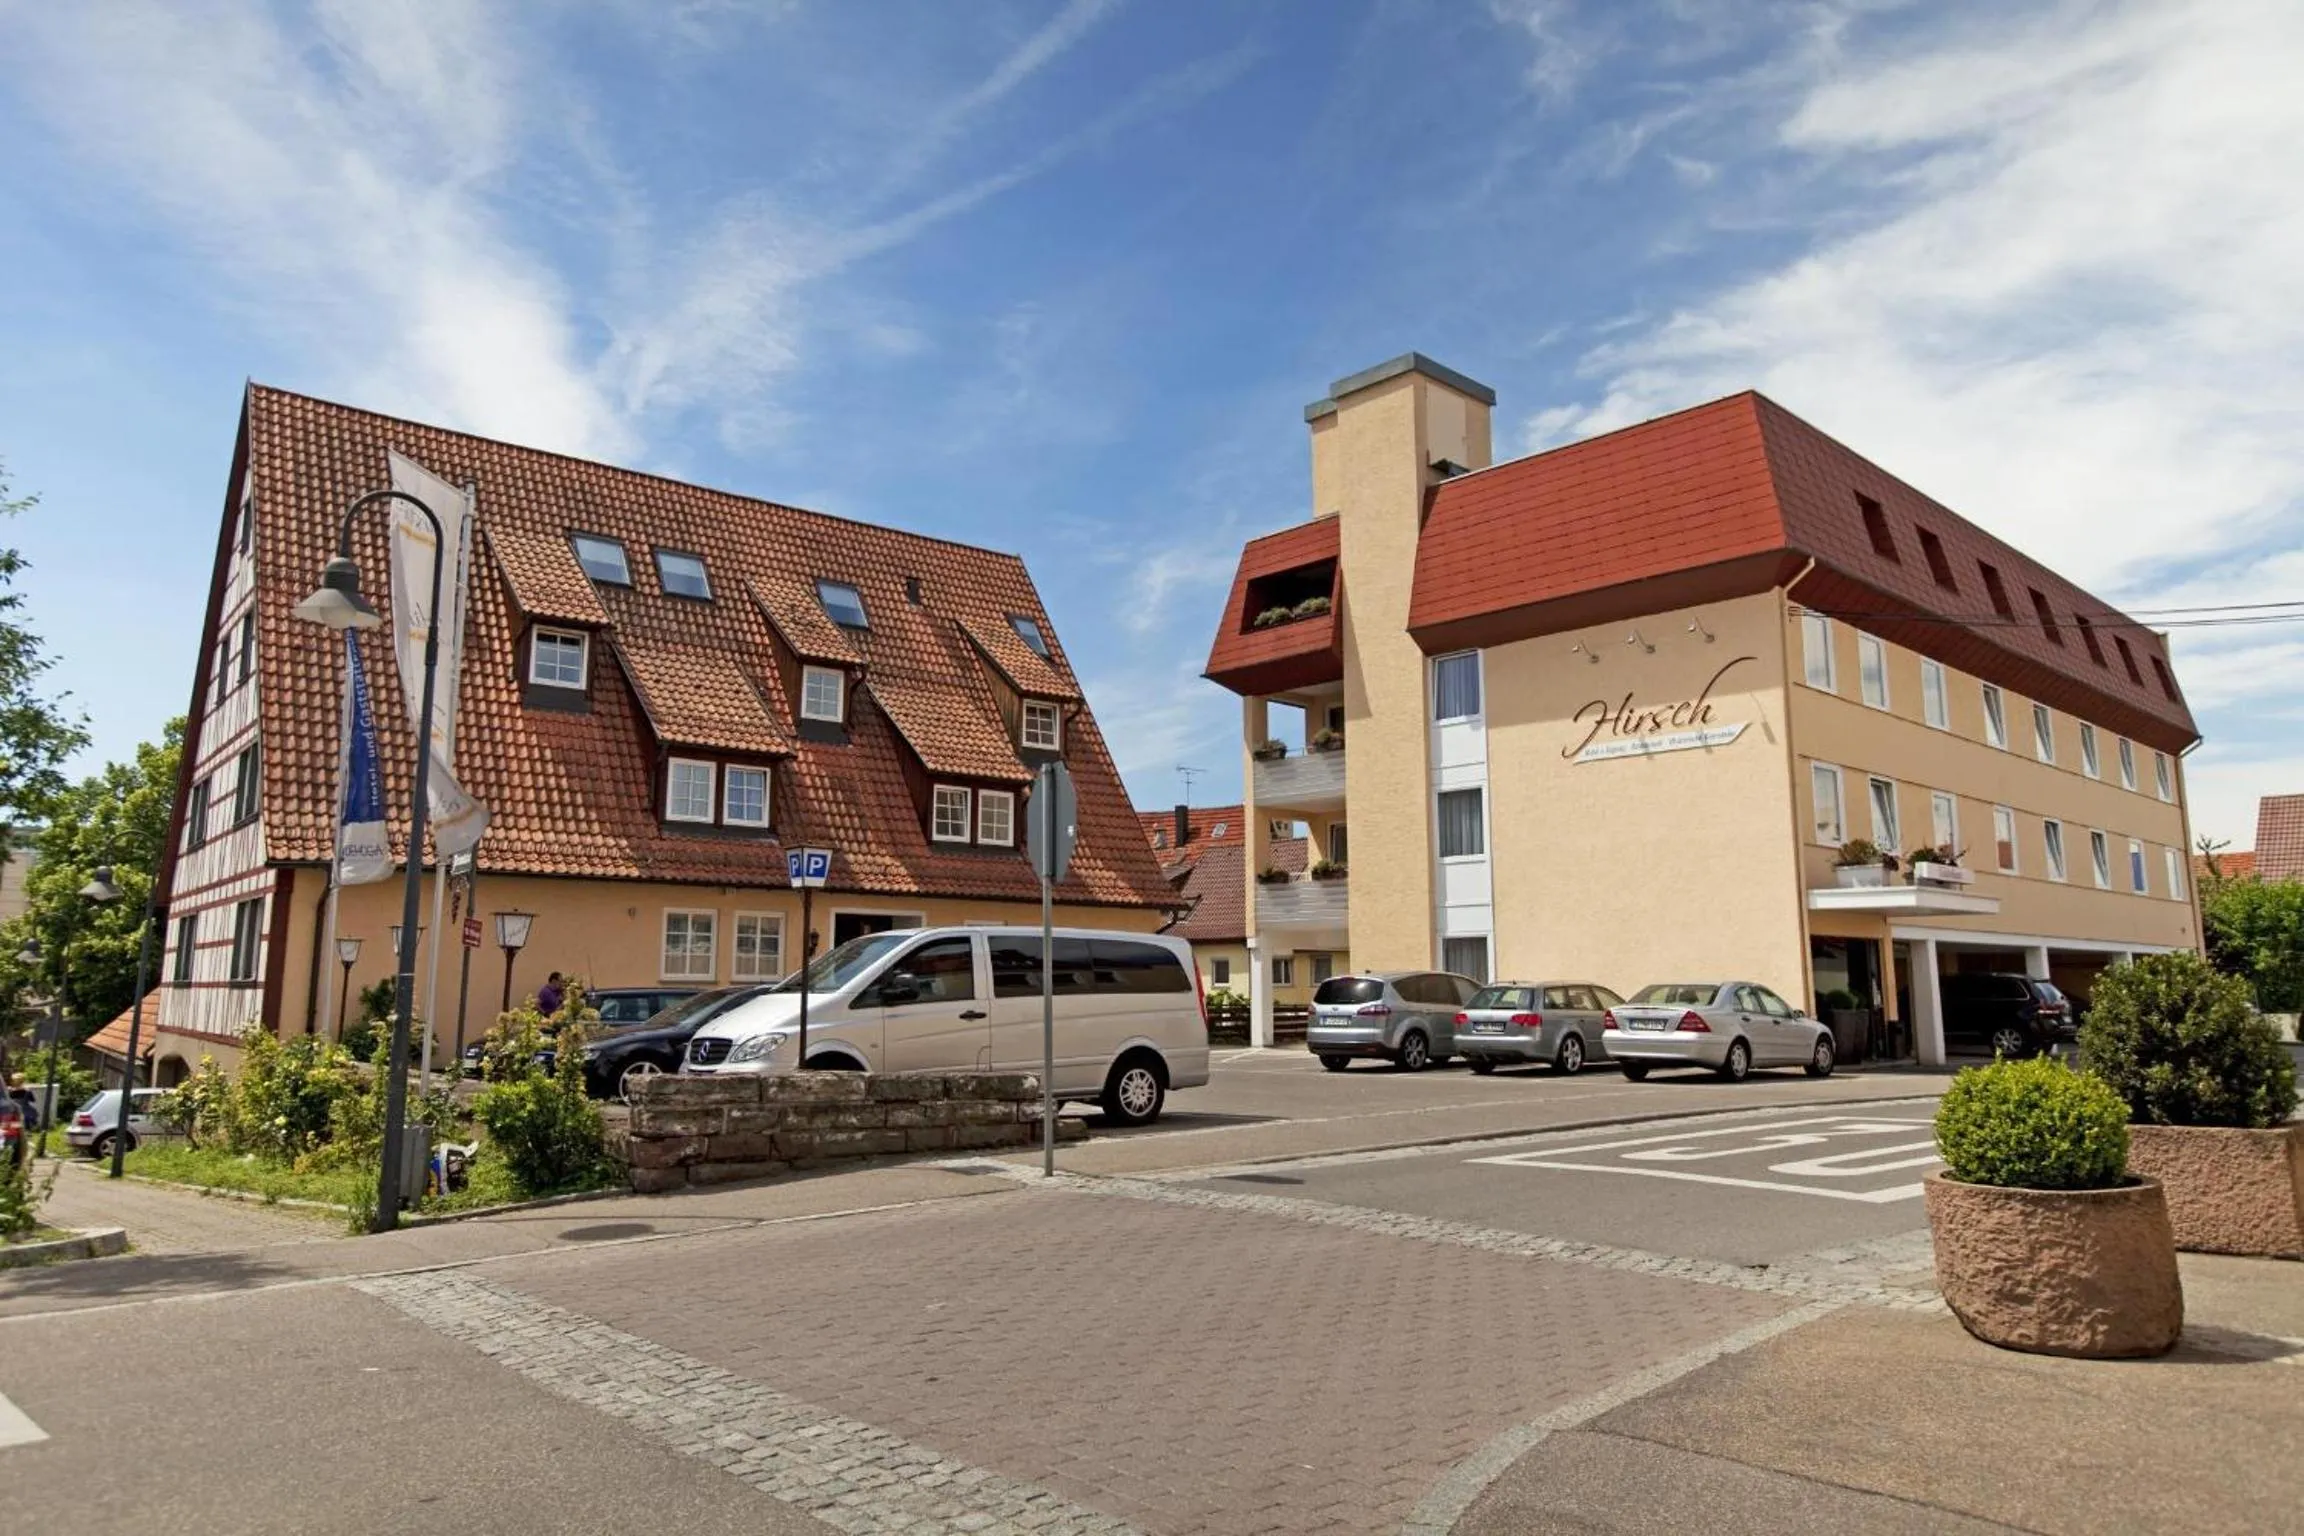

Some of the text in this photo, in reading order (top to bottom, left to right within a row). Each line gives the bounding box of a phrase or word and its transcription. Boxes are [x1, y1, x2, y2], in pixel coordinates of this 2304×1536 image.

[1562, 656, 1757, 758] Hirsch
[362, 732, 375, 758] und
[791, 857, 799, 876] P
[808, 856, 824, 875] P
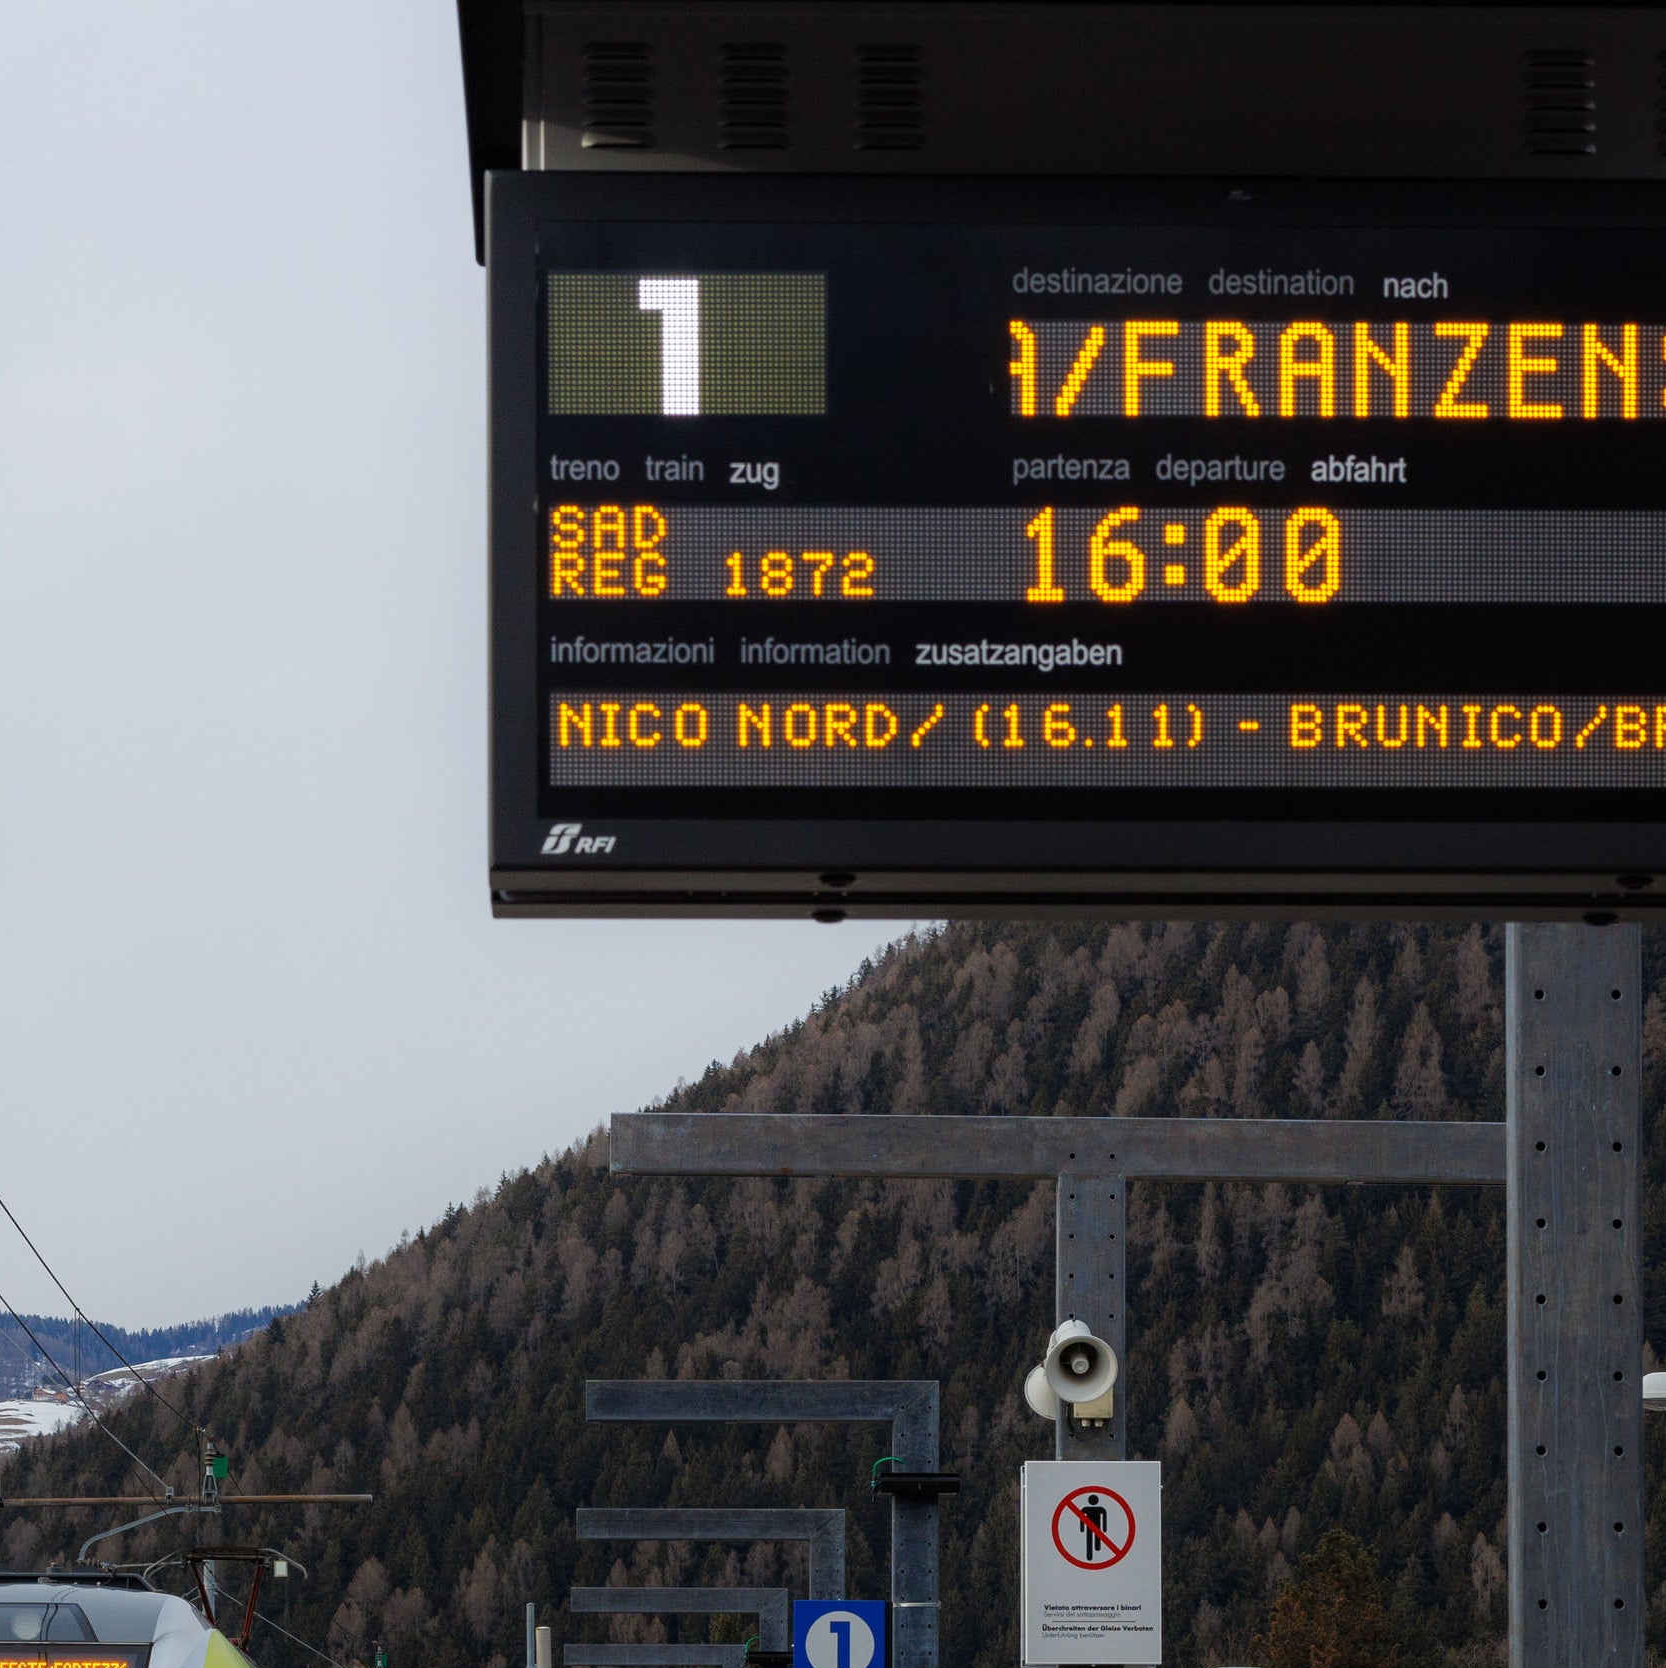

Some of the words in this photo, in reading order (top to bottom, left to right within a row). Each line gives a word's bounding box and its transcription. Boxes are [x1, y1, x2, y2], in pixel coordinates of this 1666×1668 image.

[1012, 267, 1182, 296] destinazione
[1208, 267, 1355, 296] destination
[1383, 271, 1448, 300] nach
[638, 278, 699, 416] 1
[550, 454, 620, 482] treno
[645, 454, 704, 482] train
[730, 460, 780, 491] zug
[1013, 454, 1130, 486] partenza
[1156, 454, 1285, 487] departure
[1311, 455, 1407, 484] abfahrt
[552, 505, 667, 548] SAD
[1025, 506, 1341, 602] 16:00
[552, 552, 667, 597] REG
[725, 552, 875, 597] 1872
[550, 638, 715, 665] informazioni
[741, 638, 891, 666] information
[915, 639, 1123, 672] zusatzangaben
[558, 703, 708, 747] NICO
[738, 703, 943, 747] NORD/
[973, 703, 1203, 748] (16.11)
[574, 836, 616, 854] RFI

++++++++

[EXERCISE PROMPT]: Your task is to repeat the listing exactly while omitting its pictures.

[YOUR RESPONSE]:
Some of the text in this photo, in reading order (top to bottom, left to right within a row). Each line gives the bounding box of a phrase or word and its transcription. Boxes are [x1, y1, x2, y2], in pixel coordinates of this 2304×1536 image.

[1562, 656, 1757, 758] Hirsch
[362, 732, 375, 758] und
[791, 857, 799, 876] P
[808, 856, 824, 875] P

Some of the words in this photo, in reading order (top to bottom, left to right within a row). Each line gives a word's bounding box and its transcription. Boxes are [x1, y1, x2, y2], in pixel coordinates of this 1666×1668 image.

[1012, 267, 1182, 296] destinazione
[1208, 267, 1355, 296] destination
[1383, 271, 1448, 300] nach
[638, 278, 699, 416] 1
[550, 454, 620, 482] treno
[645, 454, 704, 482] train
[730, 460, 780, 491] zug
[1013, 454, 1130, 486] partenza
[1156, 454, 1285, 487] departure
[1311, 455, 1407, 484] abfahrt
[552, 505, 667, 548] SAD
[1025, 506, 1341, 602] 16:00
[552, 552, 667, 597] REG
[725, 552, 875, 597] 1872
[550, 638, 715, 665] informazioni
[741, 638, 891, 666] information
[915, 639, 1123, 672] zusatzangaben
[558, 703, 708, 747] NICO
[738, 703, 943, 747] NORD/
[973, 703, 1203, 748] (16.11)
[574, 836, 616, 854] RFI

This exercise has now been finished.